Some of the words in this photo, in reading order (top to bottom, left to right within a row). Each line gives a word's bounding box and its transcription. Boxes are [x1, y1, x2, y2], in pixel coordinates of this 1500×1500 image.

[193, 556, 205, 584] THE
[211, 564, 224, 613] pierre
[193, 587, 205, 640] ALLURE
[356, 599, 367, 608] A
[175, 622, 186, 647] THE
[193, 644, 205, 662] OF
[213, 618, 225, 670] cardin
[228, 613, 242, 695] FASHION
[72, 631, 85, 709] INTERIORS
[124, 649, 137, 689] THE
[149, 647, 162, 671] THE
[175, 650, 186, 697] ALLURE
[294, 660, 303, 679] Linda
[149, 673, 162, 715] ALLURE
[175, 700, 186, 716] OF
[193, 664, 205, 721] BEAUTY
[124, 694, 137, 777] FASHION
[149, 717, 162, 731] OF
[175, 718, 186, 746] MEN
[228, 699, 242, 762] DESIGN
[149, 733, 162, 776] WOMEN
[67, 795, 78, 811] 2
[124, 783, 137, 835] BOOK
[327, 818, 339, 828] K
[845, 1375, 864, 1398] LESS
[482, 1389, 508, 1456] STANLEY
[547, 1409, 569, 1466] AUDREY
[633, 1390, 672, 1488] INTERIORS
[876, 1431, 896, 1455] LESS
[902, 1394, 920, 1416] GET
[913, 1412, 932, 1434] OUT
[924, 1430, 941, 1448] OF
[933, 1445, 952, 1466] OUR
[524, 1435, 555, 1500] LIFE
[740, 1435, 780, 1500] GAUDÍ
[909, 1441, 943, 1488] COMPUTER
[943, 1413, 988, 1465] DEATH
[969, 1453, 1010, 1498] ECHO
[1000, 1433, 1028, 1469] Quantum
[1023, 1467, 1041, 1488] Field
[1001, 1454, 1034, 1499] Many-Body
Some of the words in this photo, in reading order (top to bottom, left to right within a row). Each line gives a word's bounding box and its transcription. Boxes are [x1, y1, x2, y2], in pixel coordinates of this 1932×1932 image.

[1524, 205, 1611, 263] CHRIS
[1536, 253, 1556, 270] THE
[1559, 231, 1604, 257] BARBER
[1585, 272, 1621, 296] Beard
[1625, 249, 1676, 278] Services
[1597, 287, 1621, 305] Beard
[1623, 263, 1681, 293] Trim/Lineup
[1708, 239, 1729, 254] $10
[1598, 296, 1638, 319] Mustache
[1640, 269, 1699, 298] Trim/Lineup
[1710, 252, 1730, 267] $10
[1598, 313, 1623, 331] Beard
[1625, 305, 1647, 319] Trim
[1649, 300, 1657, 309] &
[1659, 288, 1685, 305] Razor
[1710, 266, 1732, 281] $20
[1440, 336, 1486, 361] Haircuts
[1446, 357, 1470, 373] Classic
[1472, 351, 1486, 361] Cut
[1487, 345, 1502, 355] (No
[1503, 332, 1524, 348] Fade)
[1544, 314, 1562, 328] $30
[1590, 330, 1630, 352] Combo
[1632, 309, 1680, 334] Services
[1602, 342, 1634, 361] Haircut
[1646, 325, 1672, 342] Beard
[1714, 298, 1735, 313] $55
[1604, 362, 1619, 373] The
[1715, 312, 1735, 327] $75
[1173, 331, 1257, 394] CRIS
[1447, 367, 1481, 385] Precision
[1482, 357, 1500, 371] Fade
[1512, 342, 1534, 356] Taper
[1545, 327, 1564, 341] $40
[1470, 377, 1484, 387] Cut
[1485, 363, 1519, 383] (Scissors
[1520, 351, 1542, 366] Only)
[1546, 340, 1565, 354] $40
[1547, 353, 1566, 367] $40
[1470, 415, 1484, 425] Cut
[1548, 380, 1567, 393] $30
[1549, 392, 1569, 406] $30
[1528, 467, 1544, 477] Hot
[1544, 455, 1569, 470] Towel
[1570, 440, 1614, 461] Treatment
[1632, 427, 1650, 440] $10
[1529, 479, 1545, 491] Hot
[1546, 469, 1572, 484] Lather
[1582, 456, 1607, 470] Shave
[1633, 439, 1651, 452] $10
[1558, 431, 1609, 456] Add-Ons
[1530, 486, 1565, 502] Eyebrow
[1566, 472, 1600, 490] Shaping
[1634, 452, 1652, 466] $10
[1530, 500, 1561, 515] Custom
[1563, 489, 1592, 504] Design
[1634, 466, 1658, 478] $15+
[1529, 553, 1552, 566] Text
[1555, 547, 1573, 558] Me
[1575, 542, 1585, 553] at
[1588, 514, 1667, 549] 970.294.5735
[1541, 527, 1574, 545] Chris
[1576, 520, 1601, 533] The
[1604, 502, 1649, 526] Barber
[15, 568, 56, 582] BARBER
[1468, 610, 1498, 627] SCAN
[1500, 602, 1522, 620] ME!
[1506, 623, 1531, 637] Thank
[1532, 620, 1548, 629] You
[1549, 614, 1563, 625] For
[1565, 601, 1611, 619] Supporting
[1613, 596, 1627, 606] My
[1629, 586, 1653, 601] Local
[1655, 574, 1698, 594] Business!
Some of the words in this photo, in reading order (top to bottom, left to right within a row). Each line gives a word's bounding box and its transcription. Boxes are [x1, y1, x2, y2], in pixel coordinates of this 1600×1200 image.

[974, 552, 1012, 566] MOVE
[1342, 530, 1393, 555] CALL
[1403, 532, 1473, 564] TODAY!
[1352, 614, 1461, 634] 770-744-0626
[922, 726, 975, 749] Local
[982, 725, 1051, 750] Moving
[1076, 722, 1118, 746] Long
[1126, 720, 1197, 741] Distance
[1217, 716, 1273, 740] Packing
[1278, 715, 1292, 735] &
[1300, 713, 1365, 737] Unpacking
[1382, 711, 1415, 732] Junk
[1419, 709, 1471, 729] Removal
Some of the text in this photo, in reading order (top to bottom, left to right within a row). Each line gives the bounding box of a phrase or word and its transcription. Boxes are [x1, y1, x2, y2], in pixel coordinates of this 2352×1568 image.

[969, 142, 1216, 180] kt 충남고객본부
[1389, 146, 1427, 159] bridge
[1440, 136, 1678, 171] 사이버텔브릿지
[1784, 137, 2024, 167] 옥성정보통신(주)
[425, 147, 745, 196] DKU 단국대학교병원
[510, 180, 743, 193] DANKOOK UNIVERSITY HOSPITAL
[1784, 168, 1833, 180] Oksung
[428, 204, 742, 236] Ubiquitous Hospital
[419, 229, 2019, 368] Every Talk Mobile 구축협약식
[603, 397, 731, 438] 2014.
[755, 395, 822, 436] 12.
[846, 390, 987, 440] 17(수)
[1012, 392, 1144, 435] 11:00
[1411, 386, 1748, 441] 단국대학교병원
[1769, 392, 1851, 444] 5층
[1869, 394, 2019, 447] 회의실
• • • • • • •
§ **Action item**:
The answer should hold exactly the lines running from the one with "Some of the text" to the final line of the data, both ends counted.

§ **Output**:
Some of the text in this photo, in reading order (top to bottom, left to right within a row). Each line gives the bounding box of a phrase or word and its transcription. Boxes are [x1, y1, x2, y2], in pixel coordinates of this 2352×1568 image.

[969, 142, 1216, 180] kt 충남고객본부
[1389, 146, 1427, 159] bridge
[1440, 136, 1678, 171] 사이버텔브릿지
[1784, 137, 2024, 167] 옥성정보통신(주)
[425, 147, 745, 196] DKU 단국대학교병원
[510, 180, 743, 193] DANKOOK UNIVERSITY HOSPITAL
[1784, 168, 1833, 180] Oksung
[428, 204, 742, 236] Ubiquitous Hospital
[419, 229, 2019, 368] Every Talk Mobile 구축협약식
[603, 397, 731, 438] 2014.
[755, 395, 822, 436] 12.
[846, 390, 987, 440] 17(수)
[1012, 392, 1144, 435] 11:00
[1411, 386, 1748, 441] 단국대학교병원
[1769, 392, 1851, 444] 5층
[1869, 394, 2019, 447] 회의실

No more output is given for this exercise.